LT writes,
Dear Bob,
When I have encountered serious doctrinal differences with someone’s Biblical teaching, I have raised this issue with others and not always directly with the teacher himself. I have been informed that not trying to resolve doctrinal differences with the teacher first is a violation of Matthew 18:15-17. Is that a correct application of Matthew 18:15-17? Thanks for your consideration.
Matt 18:15-17 concerns what to do when your brother sins against you. You are first to discuss it with him. If he does not listen, you should take one or two more people with you to talk about it. If he still doesn’t listen, then church discipline should take place.
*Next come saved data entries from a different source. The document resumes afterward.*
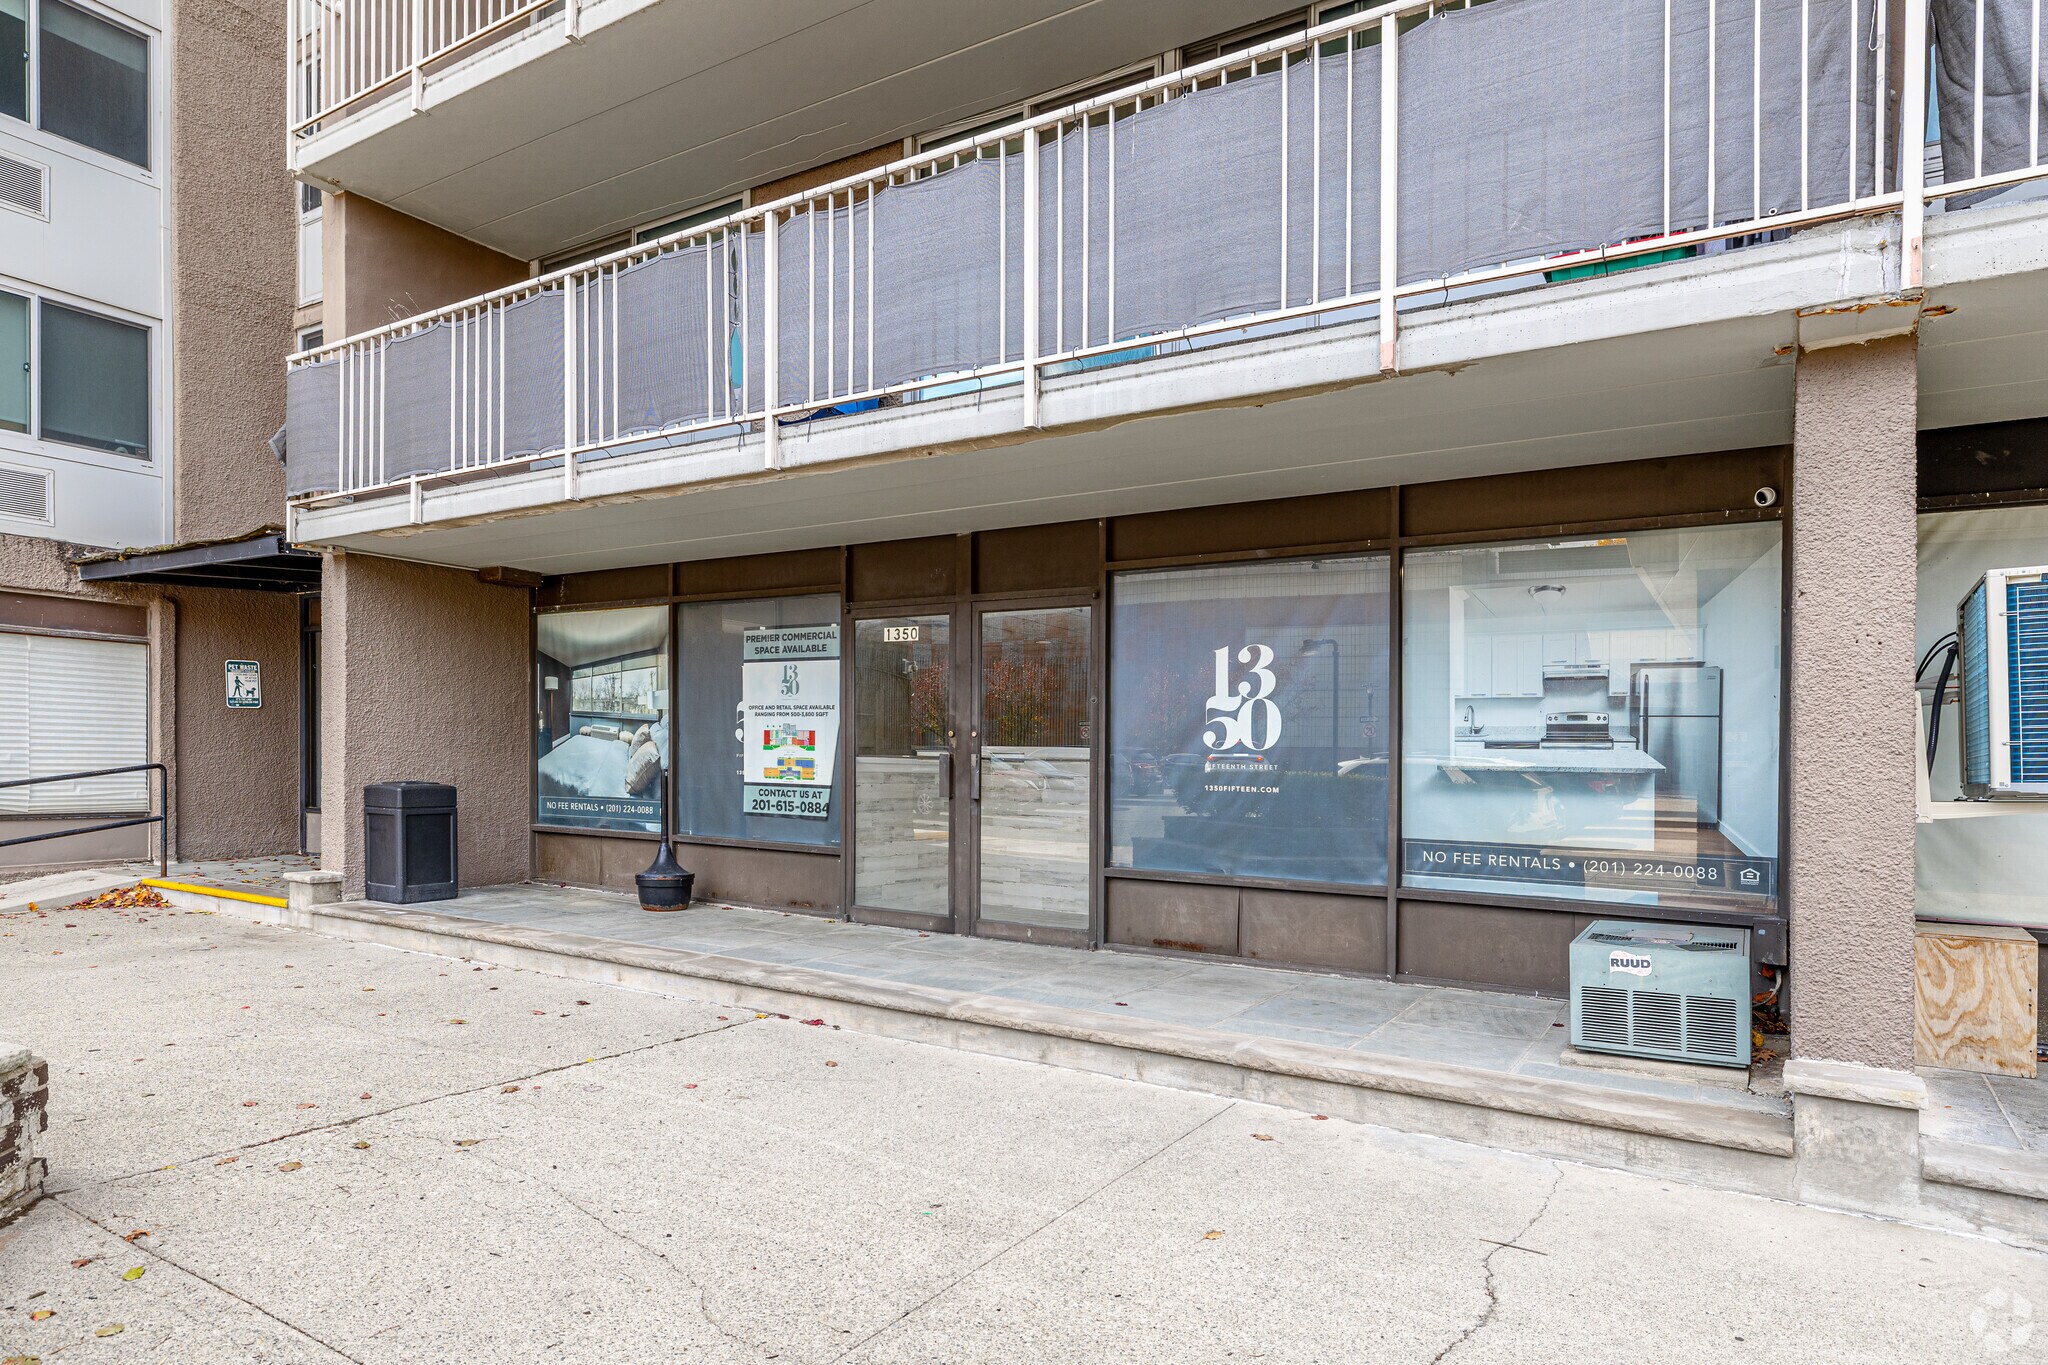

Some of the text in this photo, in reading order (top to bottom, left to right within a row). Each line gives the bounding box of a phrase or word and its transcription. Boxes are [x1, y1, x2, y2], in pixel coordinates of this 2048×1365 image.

[746, 631, 837, 643] PREMIER COMMERCIAL
[887, 627, 918, 641] 1350
[754, 644, 828, 655] SPACE AVAILABLE
[783, 664, 799, 682] 13
[758, 788, 823, 800] CONTACT US AT
[1204, 785, 1280, 794] 1350FIFTEEN.COM
[557, 802, 569, 810] FEE
[570, 802, 599, 812] RENTALS
[605, 804, 621, 813] (201)
[623, 805, 654, 814] 224-0088
[752, 799, 830, 814] 201-615-0884
[1422, 850, 1718, 880] NO FEE RENTALS (201) 224-0088
[1610, 958, 1651, 969] RUUD
LT’s question does not concern a brother who sins against him. His question concerns a doctrinal concern.
He does not explain the context of raising the doctrinal concern with others. This could be raising the issue with the elders of a local church, a campus director with Cru or the Navs, the Academic Dean at a seminary, or the principal of a Christian high school. Let’s discuss this in a few different contexts.
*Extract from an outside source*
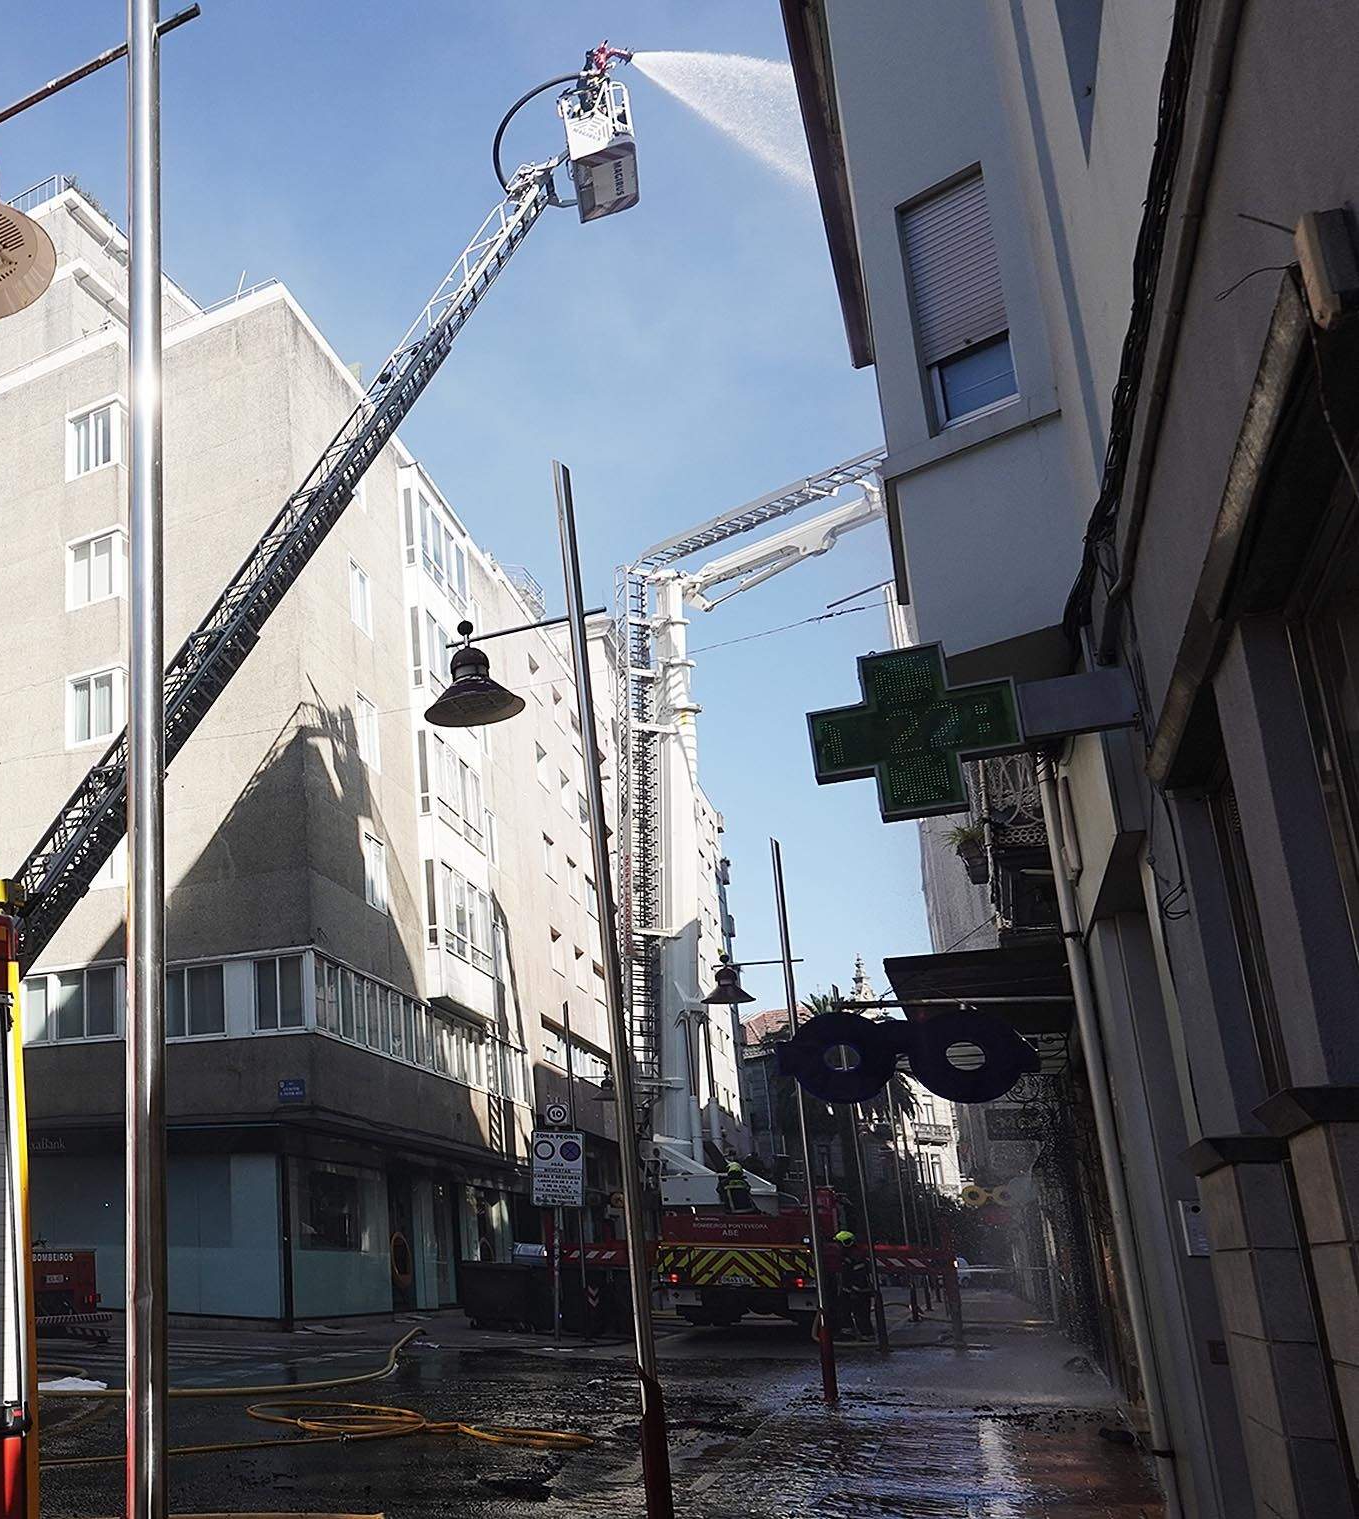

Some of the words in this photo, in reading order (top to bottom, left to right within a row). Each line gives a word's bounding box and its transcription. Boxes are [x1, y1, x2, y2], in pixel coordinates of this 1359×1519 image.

[613, 160, 625, 196] MAGIRUS
[551, 1110, 563, 1118] 10
[32, 1253, 74, 1262] BOMBEIROS
Say that LT is in an adult Sunday School class, and the teacher promotes Lordship Salvation. That would be appropriate if that is the doctrinal position of the church. But this church disagrees with Lordship Salvation and says so in its doctrinal statement. LT would not violate Matthew 18 by going directly to the elder board to raise his concern. The teacher did not sin against LT. The teacher was merely teaching the Bible as he understands it.
What if LT is a seminary student and hears a professor teach something contrary to the seminary’s doctrinal statement? He would be correct in going directly to the Academic Dean to discuss his concern. I’ve witnessed this multiple times at Dallas Theological Seminary. I once went to the Academic Dean with a doctrinal concern without first discussing the issue with the professor.
Finally, let’s say that LT is in an action group with Cru. His leader teaches something contrary to Cru’s doctrinal statement. He could go directly to the campus director to express his concern.
It is hard enough for someone to express their doctrinal concerns without us putting up some artificial hurdle that makes it harder. Whistleblowers should be rewarded, not rebuked.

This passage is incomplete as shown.